“Há uma grande distância entre os dados de que uma organização dispõe e a garantia de que o trabalho que ela faz terá um impacto positivo sobre os cidadãos. É preciso muito cuidado ao conectar esses elementos”, explica Amen Ra Mashariki. Diretor global do Data Lab do WRI, Mashariki trabalha apoiando técnicos e pesquisadores para fechar esta lacuna, impulsionando o impacto positivo do conhecimento produzido pelo diversos escritórios internacionais da organização.

Dados são parte fundamental da abordagem do WRI de “contar, mudar e multiplicar”. O Data Lab se dedica a ampliar o acesso e o uso efetivo de tecnologia de ponta, dados imparciais e inteligência artificial. Minimizar o data bias – vieses dos dados introduzidos nas análises – é um desafio crescente à medida que a capacidade de processamento de tecnologias de inteligência artificial é incorporada à pesquisa e à formulação de políticas em diferentes setores da sociedade. No WRI, o Data Lab assegura aos programas da organização capacidade de obter e analisar os dados de forma consistente e responsável. É parte do compromisso da organização com dados abertos, que possam ser usados da melhor forma por governos, academia, setor privado e pelas próprias comunidades.

Amen Ra Mashariki é diretor global do Data Lab do WRI (foto: WRI)

Mashariki acumula experiências e perspectivas da temática dos "dados para o impacto" ao longo de sua trajetória acadêmica e profissional. Cientista da computação e engenheiro da informação, iniciou a trajetória como cientista pesquisador da Universidade John Hopkins. Saiu do importante centro de Baltimore para tornar-se bolsista no Gabinete de Ciência, Tecnologia e Políticas da Casa Branca e, mais tarde, diretor de tecnologia do Gabinete de Gestão de Pessoal dos Estados Unidos. No setor público federal, Mashariki despertou para o uso de dados como recurso não só de identificação de boas políticas, mas de implementação. “Havia políticas federais difíceis de implementar e, muitas vezes, os dados eram a melhor maneira de ajudar”, explicou em recente entrevista.

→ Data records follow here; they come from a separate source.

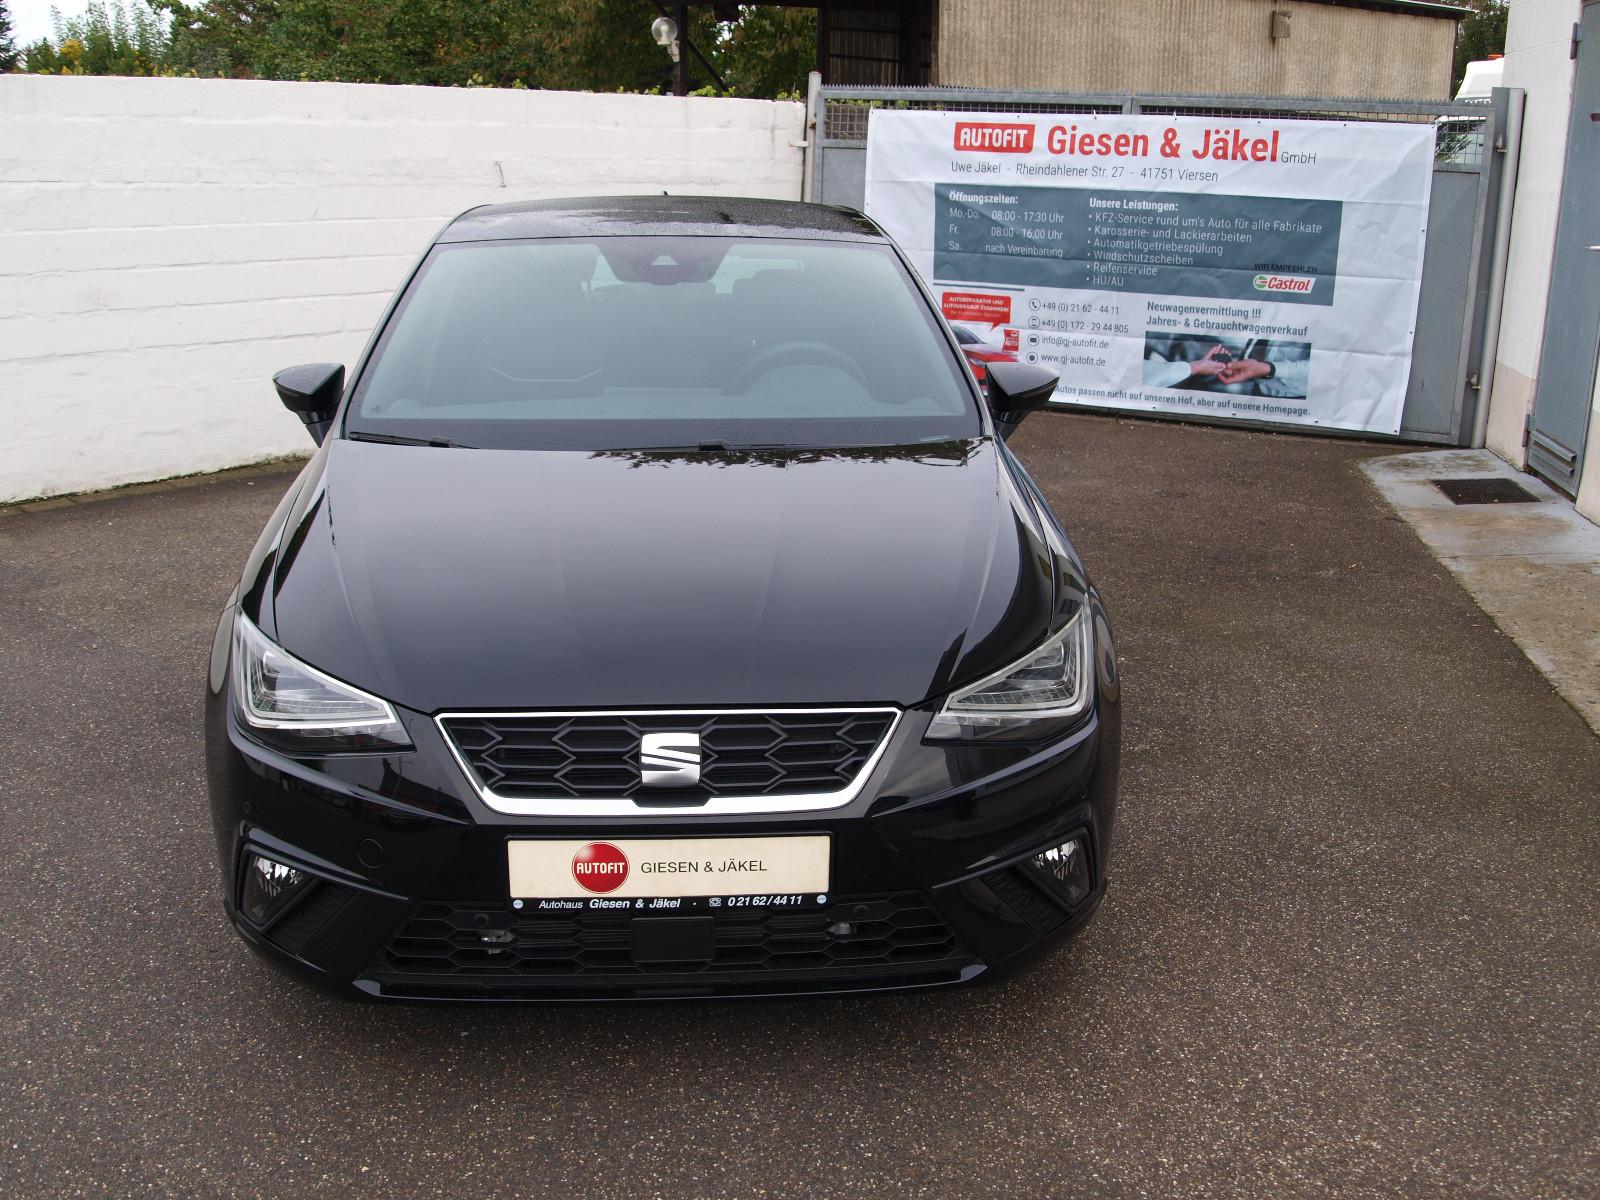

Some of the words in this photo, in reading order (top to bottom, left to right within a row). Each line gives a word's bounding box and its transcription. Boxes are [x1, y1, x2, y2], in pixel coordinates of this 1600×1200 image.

[960, 127, 1028, 148] AUTOFIT
[1047, 125, 1149, 157] Giesen
[1160, 127, 1181, 158] &
[1192, 129, 1279, 162] Jäkel
[1281, 152, 1317, 165] GmbH
[951, 161, 972, 173] Uwe
[974, 161, 1001, 173] Jäkel
[1016, 164, 1088, 177] Rheindahlener
[1091, 165, 1109, 177] Str.
[1111, 166, 1124, 178] 27
[1140, 168, 1173, 180] 41751
[1178, 169, 1218, 182] Viersen
[949, 190, 1019, 204] Öffnungszeiten:
[1089, 198, 1121, 209] Unsere
[1123, 200, 1179, 212] Leistungen:
[991, 210, 1016, 221] 08:00
[1049, 212, 1065, 223] Uhr
[1095, 212, 1154, 225] KFZ-Service
[1156, 217, 1179, 226] rund
[1182, 217, 1205, 228] um's
[1207, 217, 1231, 229] Auto
[1234, 218, 1249, 229] für
[1252, 220, 1271, 231] alle
[1273, 221, 1323, 234] Fabrikate
[991, 226, 1014, 237] 08:00
[1047, 229, 1063, 240] Uhr
[1094, 225, 1150, 237] Karosserie-
[1152, 229, 1171, 238] und
[1174, 229, 1252, 243] Lackierarbeiten
[985, 243, 1006, 254] nach
[1007, 244, 1063, 257] Vereinbarung
[1093, 238, 1224, 256] Automatikgetriebespülung
[1093, 250, 1194, 265] Windschutzscheiben
[1093, 262, 1158, 276] Reifenservice
[1092, 275, 1124, 287] HU/AU
[1267, 276, 1311, 292] Castrol
[1042, 302, 1056, 311] +49
[1058, 303, 1069, 313] (0)
[1147, 302, 1249, 319] Neuwagenvermittlung
[1042, 320, 1056, 328] +49
[1057, 320, 1068, 330] (0)
[1071, 321, 1085, 330] 172
[1146, 316, 1182, 327] Jahres-
[1184, 318, 1191, 327] &
[1193, 319, 1309, 337] Gebrauchtwagenverkauf
[1041, 336, 1110, 349] info@gj-autofit.de
[1041, 354, 1106, 367] www.gj-autofit.de
[1078, 388, 1105, 398] passen
[1107, 390, 1127, 400] nicht
[1129, 391, 1142, 401] auf
[1144, 394, 1176, 404] unseren
[1177, 396, 1195, 407] Hof,
[1196, 398, 1215, 407] aber
[1216, 400, 1230, 409] auf
[1232, 402, 1260, 411] unsere
[1262, 404, 1311, 416] Homepage.
[576, 862, 626, 875] AUTOFIT
[640, 861, 699, 874] GIESEN
[703, 861, 714, 873] &
[718, 857, 768, 873] JÄKEL
[538, 900, 583, 910] Autohaus
[589, 898, 630, 909] Giesen
[635, 899, 644, 909] &
[649, 898, 681, 909] Jäkel

Deixou a esfera federal para assumir a diretoria do gabinete de análise de dados da prefeitura de Nova York. No Mayor’s Office of Data Analytics, ou MODA, Mashariki impulsionou o uso de dados e algoritmos para solucionar demandas e desafios da cidade de 8,4 milhões de habitantes. Ele ainda chefiou o departamento de urban analytics da empresa de software de mapeamento geográfico Esri antes de juntar-se ao time do WRI.

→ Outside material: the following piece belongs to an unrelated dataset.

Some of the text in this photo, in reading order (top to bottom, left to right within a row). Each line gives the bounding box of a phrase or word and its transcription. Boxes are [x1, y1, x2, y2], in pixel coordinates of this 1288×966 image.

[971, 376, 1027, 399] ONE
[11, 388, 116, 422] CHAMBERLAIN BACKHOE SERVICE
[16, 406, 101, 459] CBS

Na entrevista a seguir, Mashariki fala sobre suas experiências, aponta desafios e oportunidades de se usar os dados da melhor forma para gerar impacto positivo e a importância de se garantir o acesso amplo a dados abertos e sem viés para gerar sociedades mais justas e inclusivas.

Seu período à frente do MODA ajudou a mostrar como os dados podem auxiliar as cidades a abordar a inclusão e a equidade?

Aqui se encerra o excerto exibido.